L’industrie allemande est à la peine, étranglée par la hausse des prix de l’énergie. La politique de réarmement n’y changera rien : la priorité est d’arrêter le Green deal et de produire une énergie abondante et bon marché.
L’Allemagne, autrefois locomotive économique de l’UE, est aujourd’hui dans une impasse. L’industrie chimique allemande est en chute libre, et le secteur automobile, autrefois source de fierté nationale, vacille dangereusement. Face à cette débâcle, Friedrich Merz, avant même d’être chancelier, est contraint, sous la pression du monde industriel, de proposer des politiques contraires à ce qu’il a affirmé durant la récente campagne électorale. Le bras exécutif de l’Allemagne à Bruxelles, Ursula von der Leyen, obéit et propose de transformer nos industries moribondes en fabricants d’armes !
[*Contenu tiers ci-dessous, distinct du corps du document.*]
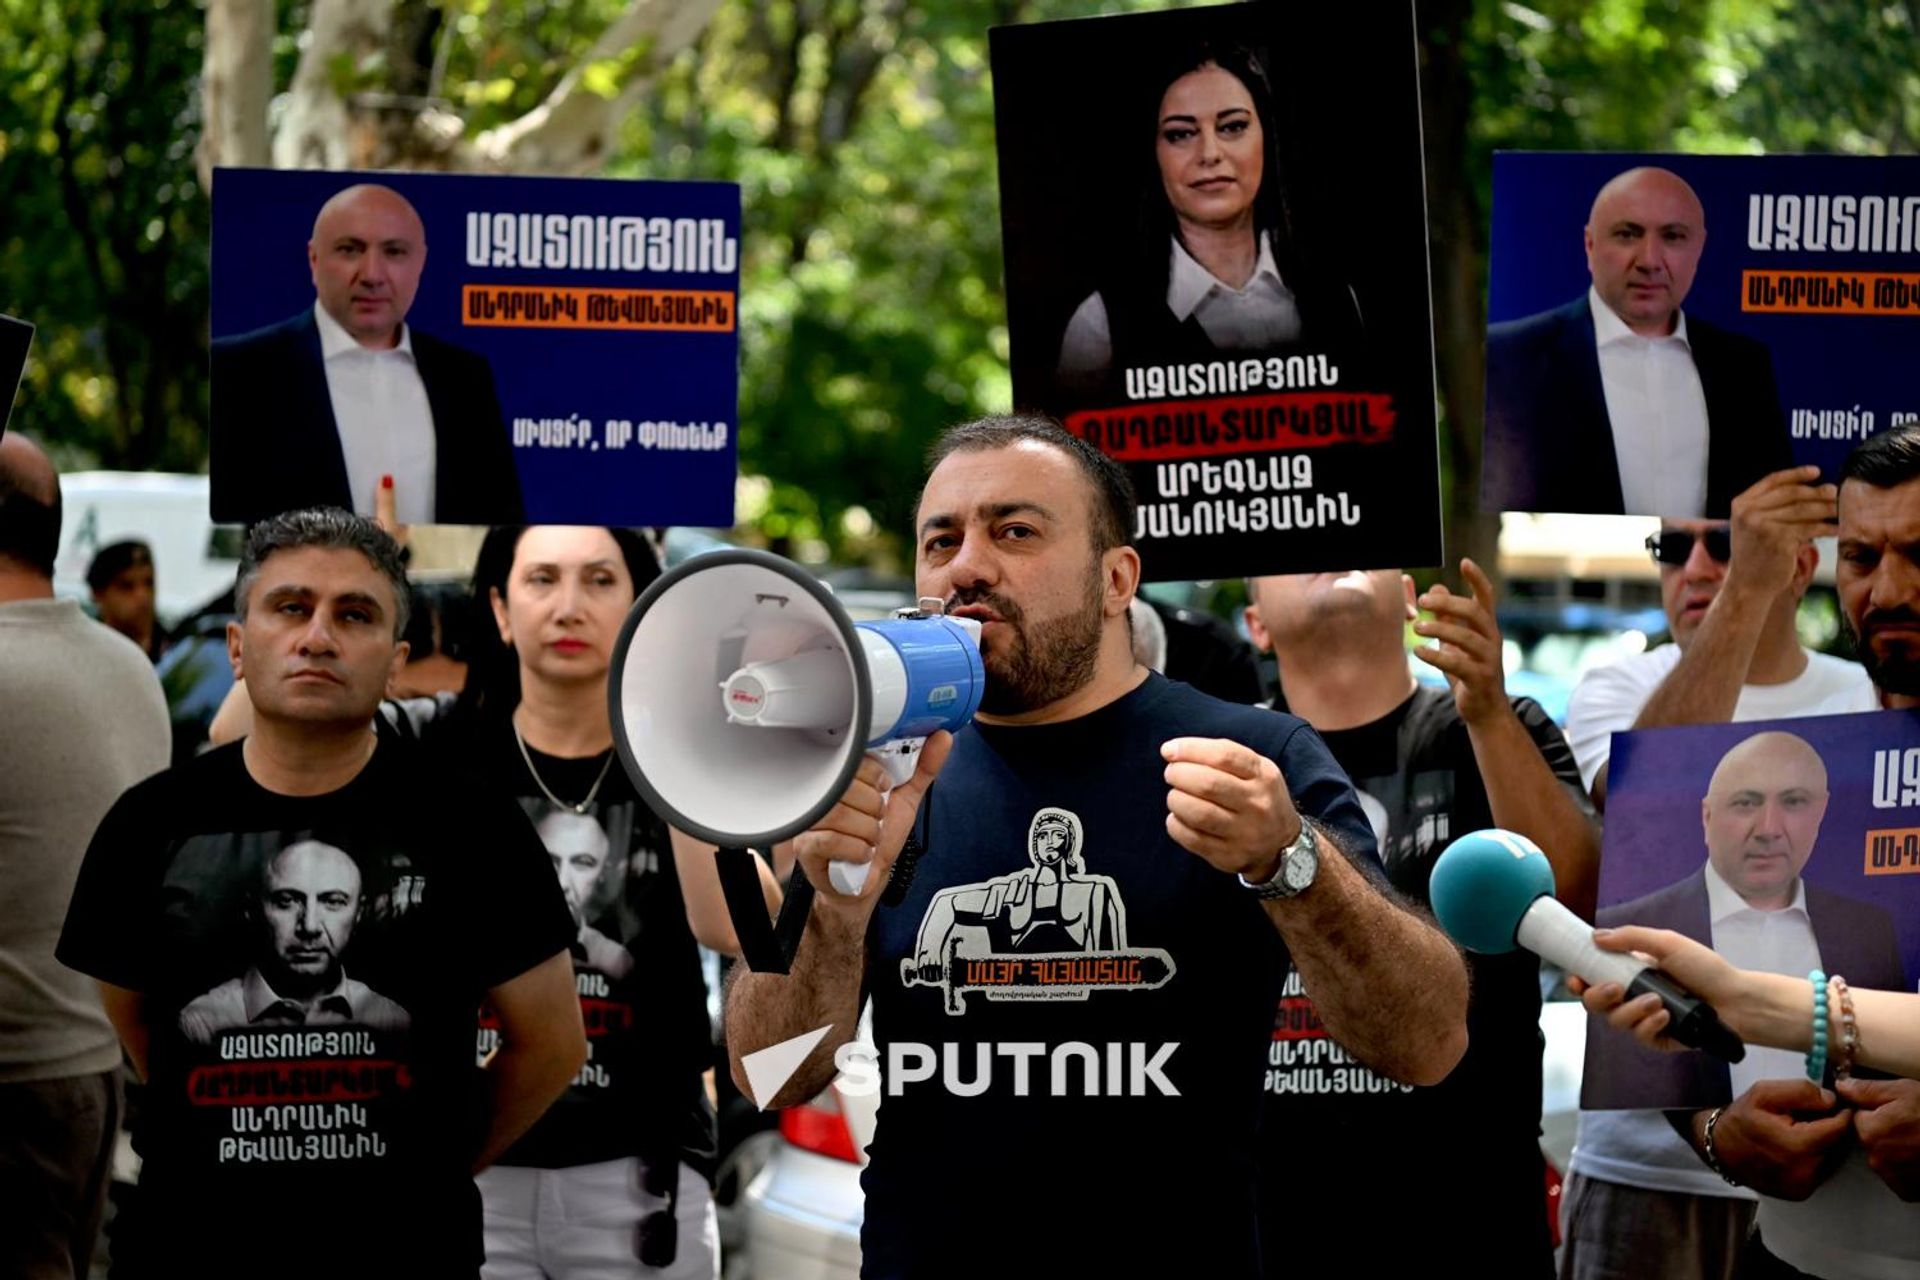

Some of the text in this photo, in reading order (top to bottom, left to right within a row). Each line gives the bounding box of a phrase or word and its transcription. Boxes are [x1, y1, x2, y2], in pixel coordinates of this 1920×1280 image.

L’Allemagne revoit sa politique
La présidente de la Commission européenne a même désactivé la « clause de sauvegarde » du cadre budgétaire pour permettre aux États membres de dépasser le seuil des 3 % du PIB. Une générosité soudaine qui encourage même l’Allemagne de changer sa constitution, celle-là même qui a toujours été si rigide en matière de discipline budgétaire.
L’EnergieWende allemande a imposé la transition énergétique à l’ensemble de l’UE. Angela Merkel l’a orchestré, Ursula von der Leyen la met en œuvrer dans l’UE, et Friedrich Merz entend le conserver puisqu’il a obéi aux écologistes de promettre 100 milliards d’euros pour promouvoir l’énergie éolienne et solaire et à fermer ses centrales nucléaires pleinement opérationnelles. Les conséquences sont désastreuses pour toute l’UE.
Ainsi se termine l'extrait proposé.